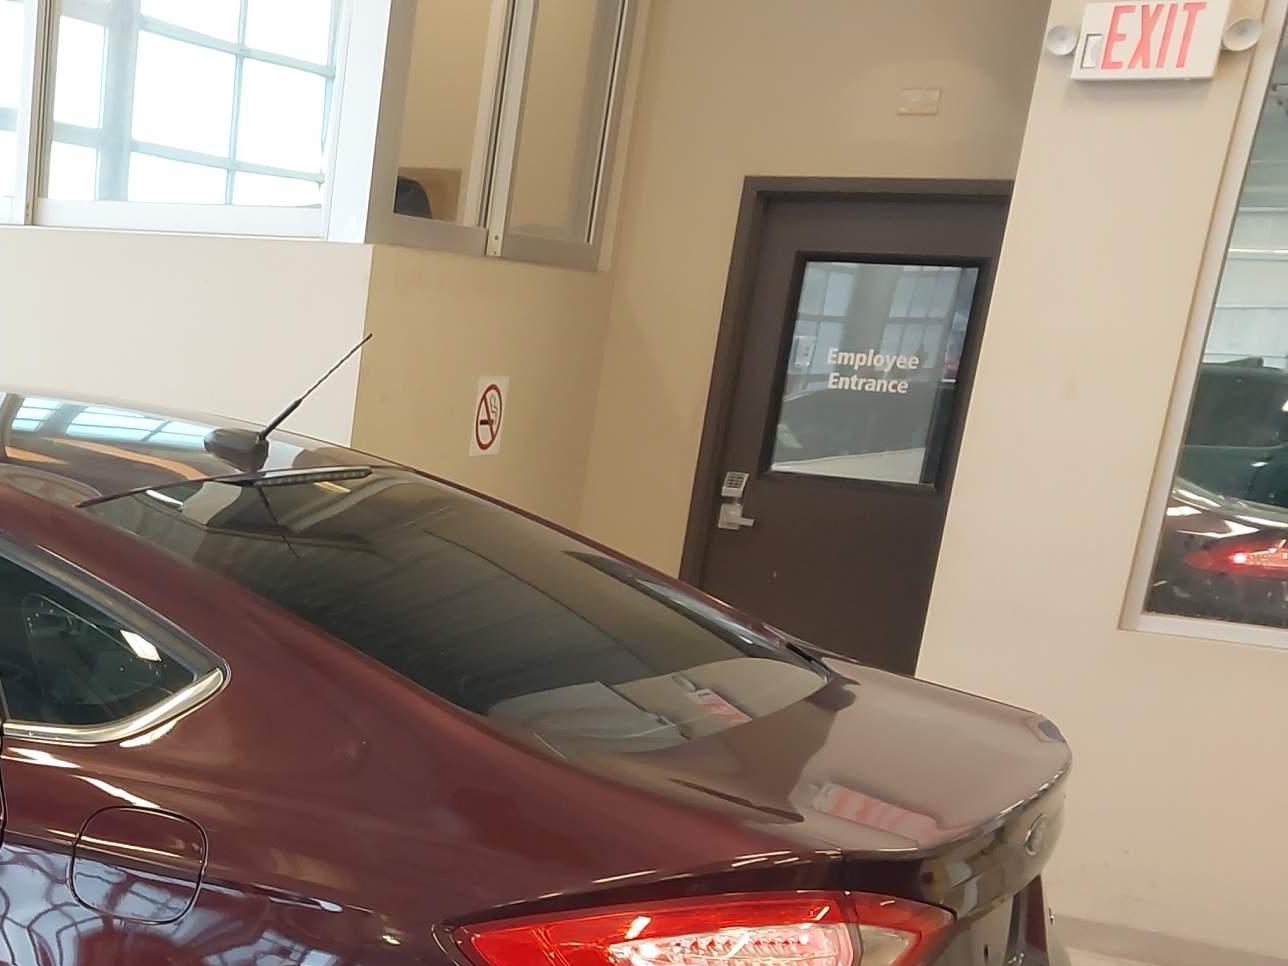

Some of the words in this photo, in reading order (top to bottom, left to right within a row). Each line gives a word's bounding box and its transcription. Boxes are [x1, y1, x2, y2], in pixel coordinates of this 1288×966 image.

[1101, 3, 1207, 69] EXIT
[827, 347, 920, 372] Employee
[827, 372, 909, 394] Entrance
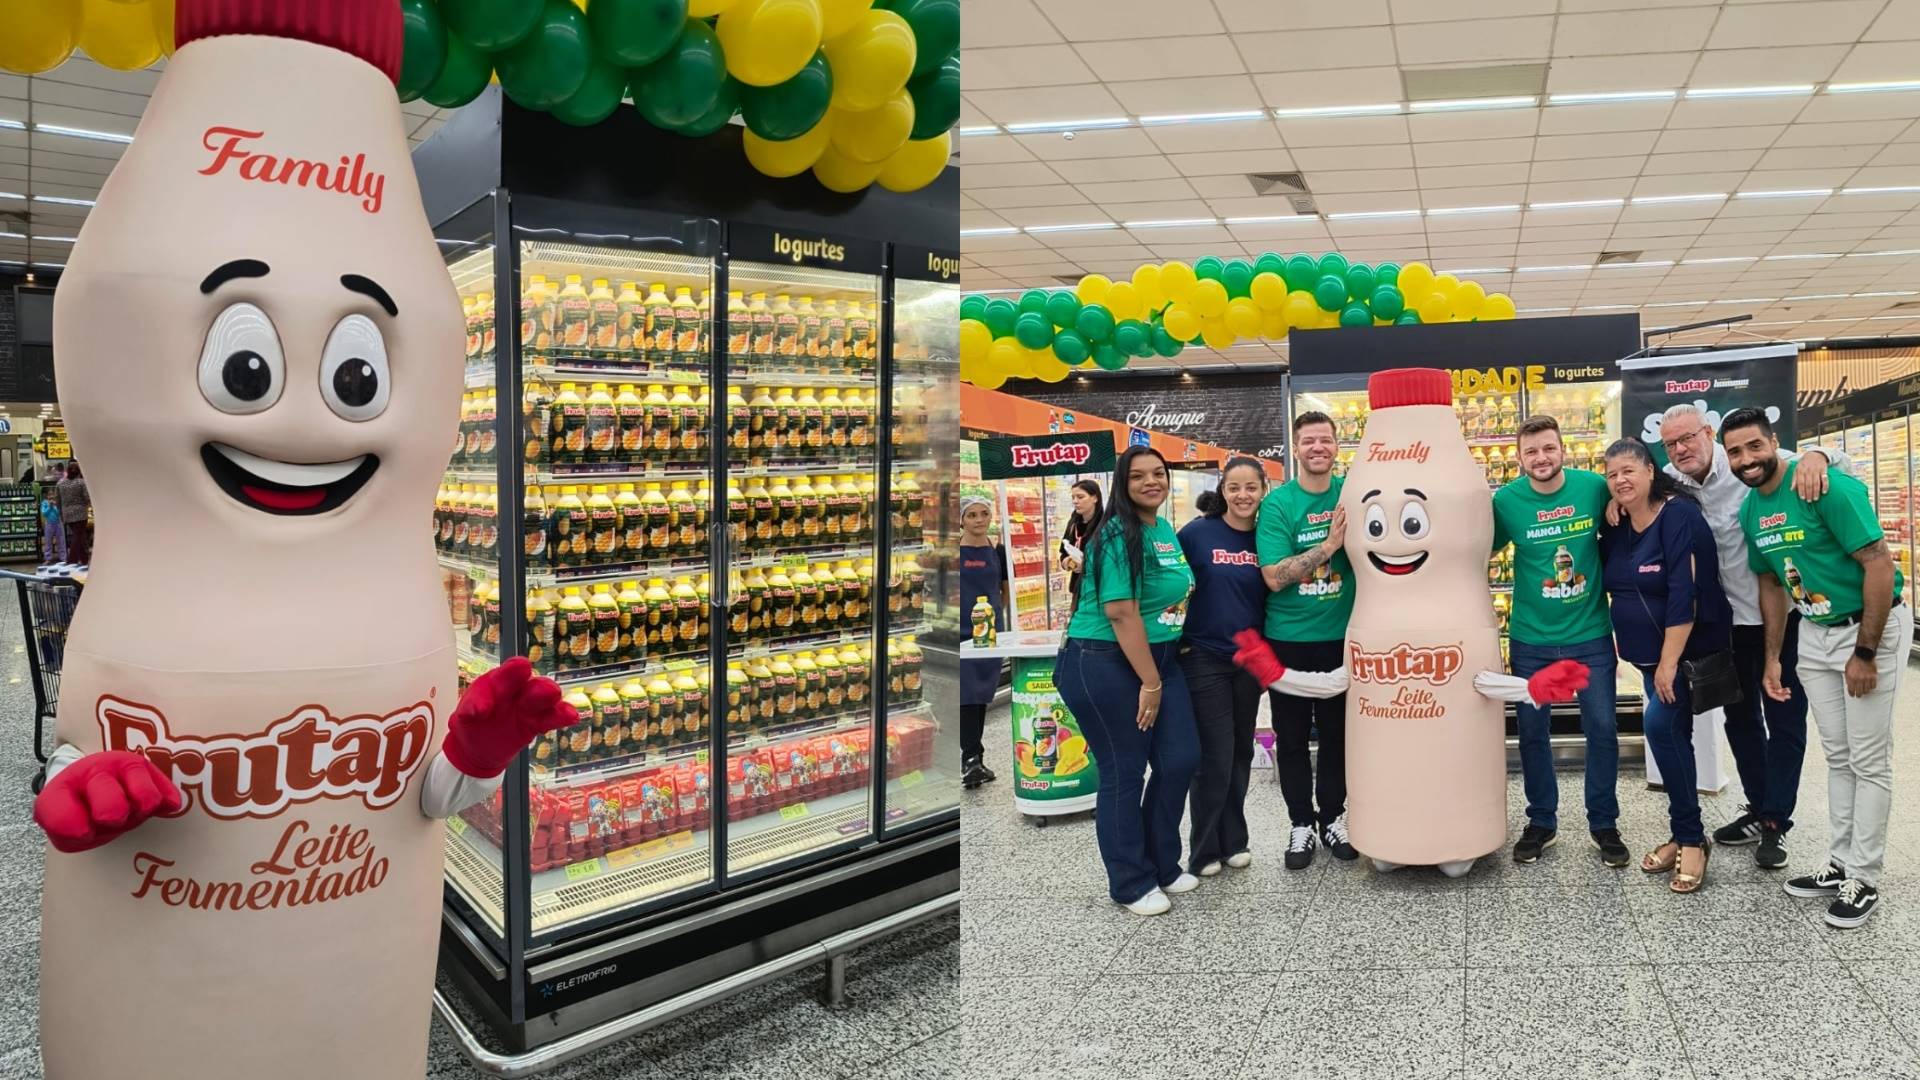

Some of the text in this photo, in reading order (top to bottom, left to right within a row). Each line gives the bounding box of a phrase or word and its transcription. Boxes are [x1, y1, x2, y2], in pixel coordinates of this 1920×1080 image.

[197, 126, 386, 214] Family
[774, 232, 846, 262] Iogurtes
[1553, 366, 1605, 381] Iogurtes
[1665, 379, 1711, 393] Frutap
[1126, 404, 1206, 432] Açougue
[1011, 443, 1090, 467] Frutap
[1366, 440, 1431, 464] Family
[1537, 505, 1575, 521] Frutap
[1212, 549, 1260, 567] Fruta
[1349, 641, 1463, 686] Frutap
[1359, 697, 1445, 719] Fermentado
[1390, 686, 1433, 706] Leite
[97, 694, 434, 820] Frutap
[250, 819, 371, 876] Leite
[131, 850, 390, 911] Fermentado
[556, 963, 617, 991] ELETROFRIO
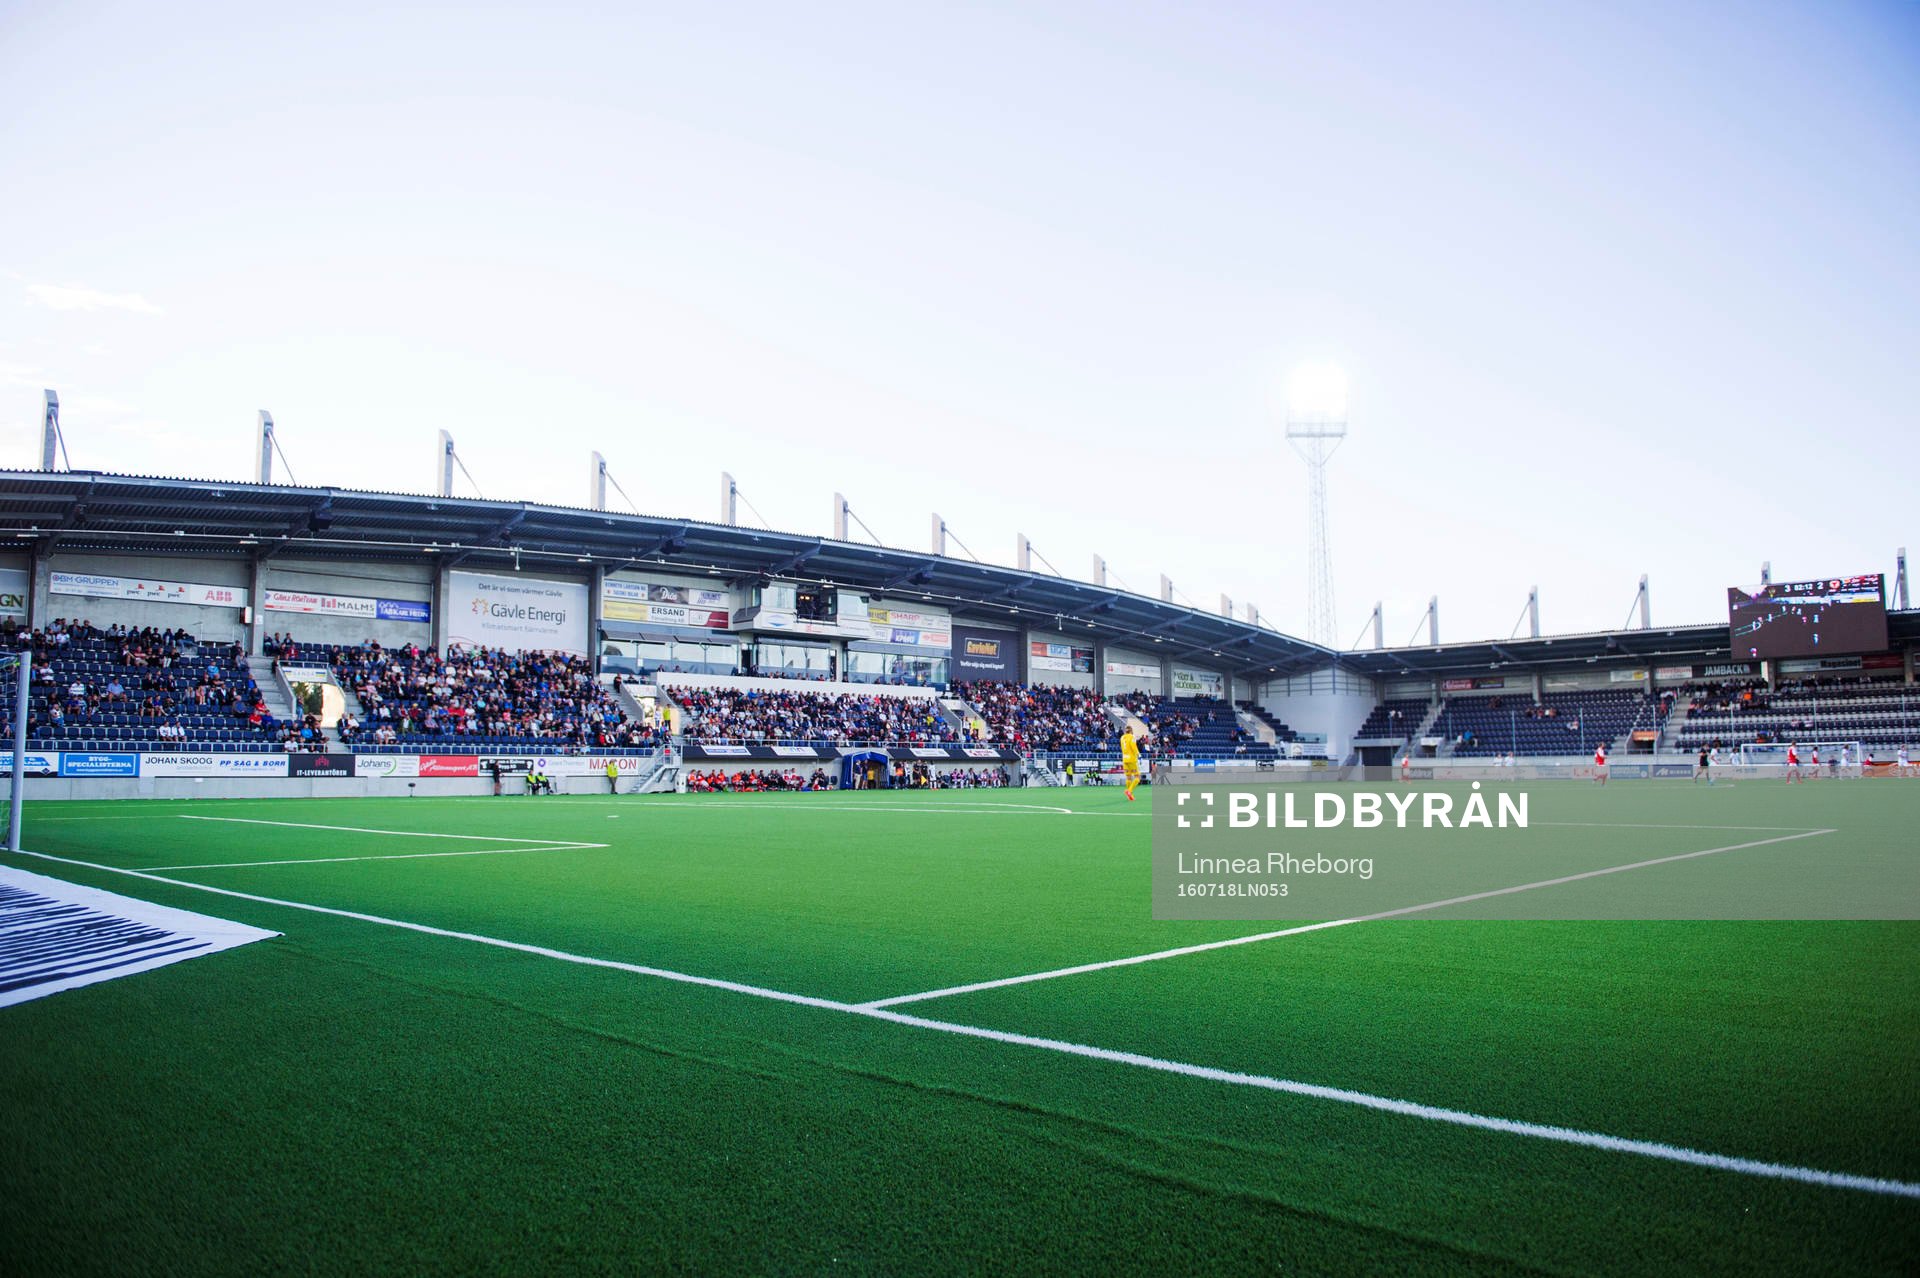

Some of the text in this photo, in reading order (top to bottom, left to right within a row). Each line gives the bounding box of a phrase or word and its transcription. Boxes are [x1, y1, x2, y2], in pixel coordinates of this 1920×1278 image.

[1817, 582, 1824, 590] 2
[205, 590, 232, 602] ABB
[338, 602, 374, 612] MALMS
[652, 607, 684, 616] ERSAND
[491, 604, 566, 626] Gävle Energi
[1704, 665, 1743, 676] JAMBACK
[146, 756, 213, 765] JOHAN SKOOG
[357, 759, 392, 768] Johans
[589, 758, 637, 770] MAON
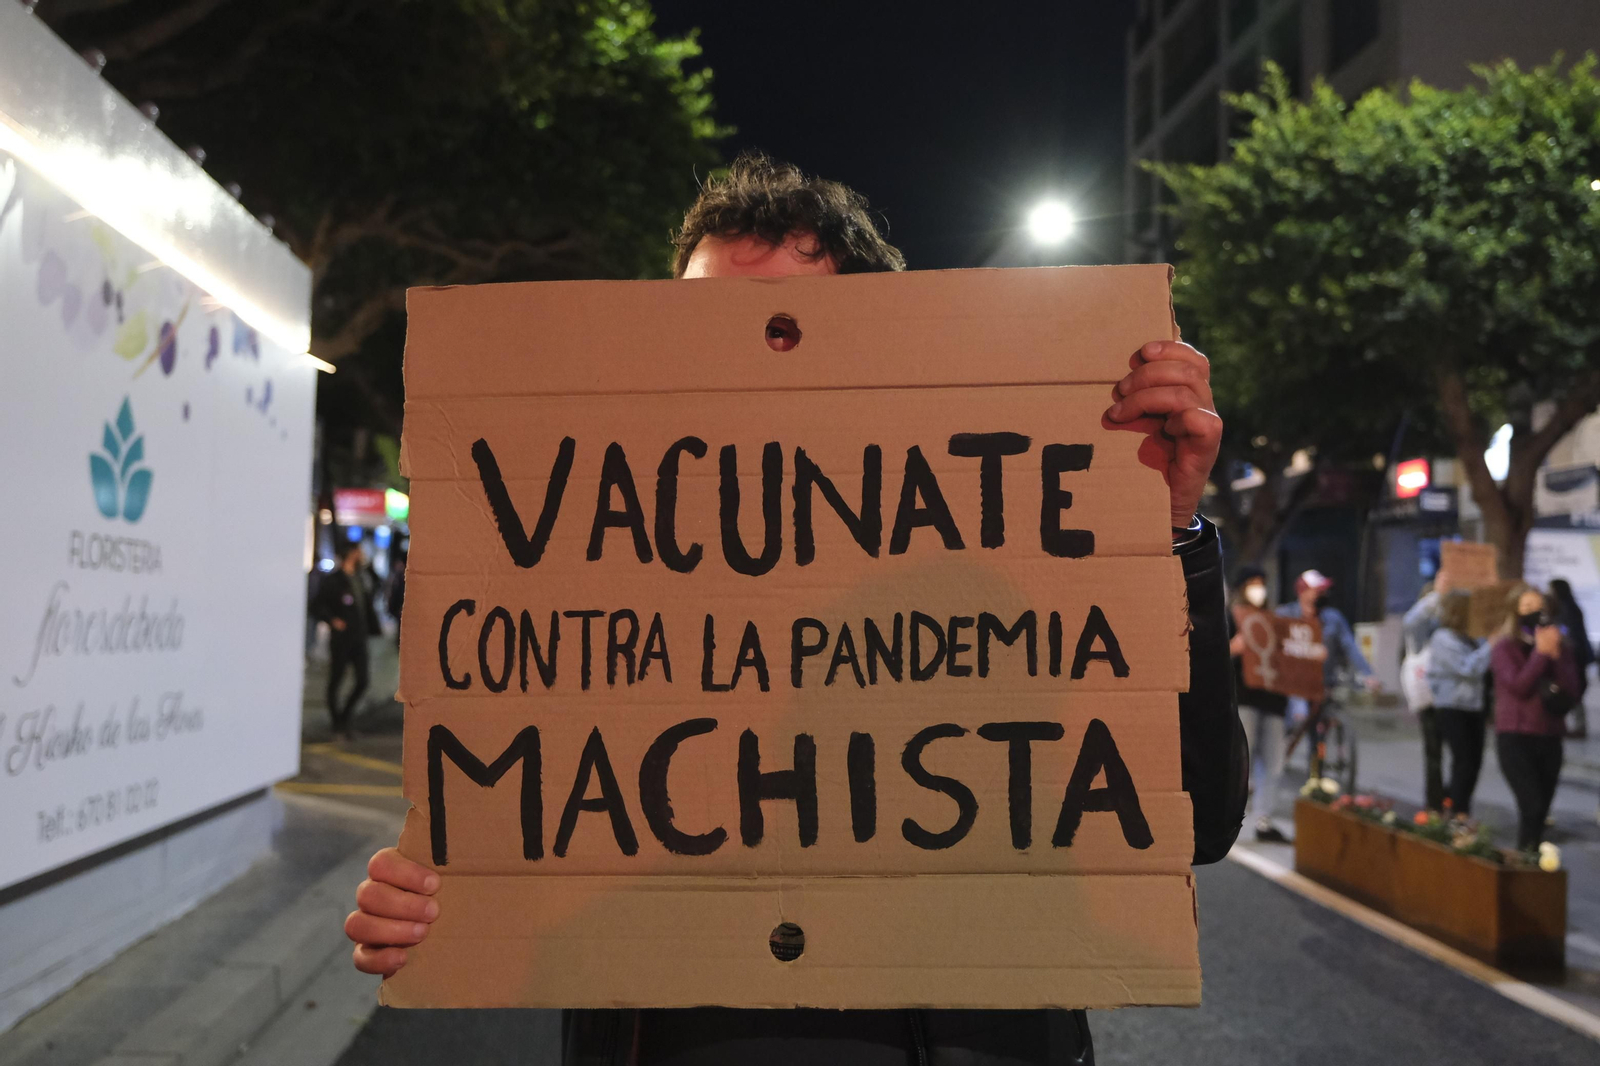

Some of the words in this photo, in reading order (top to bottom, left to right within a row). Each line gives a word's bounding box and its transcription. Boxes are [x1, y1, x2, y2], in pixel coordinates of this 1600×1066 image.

--------------------------------

> WHAT IS REQUIRED
Go through the listing above and write it out again exactly, dropping the pictures.

> RESPONSE AREA
Some of the words in this photo, in reading order (top to bottom, left to right within a row). Each line gives a word's bounding box and its transcription. Boxes are [x1, y1, x2, y2], in pixel coordinates of this 1288×966 image.

[1101, 3, 1207, 69] EXIT
[827, 347, 920, 372] Employee
[827, 372, 909, 394] Entrance

Some of the text in this photo, in reading order (top to bottom, left to right within a row). Each line gives the bounding box of a phrase or word and its transcription. Boxes are [x1, y1, x2, y2], in pixel coordinates of this 1920×1080 image.

[197, 126, 386, 214] Family
[774, 232, 846, 262] Iogurtes
[1553, 366, 1605, 381] Iogurtes
[1665, 379, 1711, 393] Frutap
[1126, 404, 1206, 432] Açougue
[1011, 443, 1090, 467] Frutap
[1366, 440, 1431, 464] Family
[1537, 505, 1575, 521] Frutap
[1212, 549, 1260, 567] Fruta
[1349, 641, 1463, 686] Frutap
[1359, 697, 1445, 719] Fermentado
[1390, 686, 1433, 706] Leite
[97, 694, 434, 820] Frutap
[250, 819, 371, 876] Leite
[131, 850, 390, 911] Fermentado
[556, 963, 617, 991] ELETROFRIO

Some of the text in this photo, in reading order (top to bottom, left to right within a row). Each line gives the bounding box of a phrase or word and its transcription. Boxes are [x1, y1, x2, y2], in pixel coordinates of this 1920×1278 image.

[1817, 582, 1824, 590] 2
[205, 590, 232, 602] ABB
[338, 602, 374, 612] MALMS
[652, 607, 684, 616] ERSAND
[491, 604, 566, 626] Gävle Energi
[1704, 665, 1743, 676] JAMBACK
[146, 756, 213, 765] JOHAN SKOOG
[357, 759, 392, 768] Johans
[589, 758, 637, 770] MAON

Some of the words in this photo, in reading order (top to bottom, left to right within a row). Each line gives a word's bounding box and its transcription. Boxes are [x1, y1, x2, y2], in pixel coordinates of this 1600×1066 image.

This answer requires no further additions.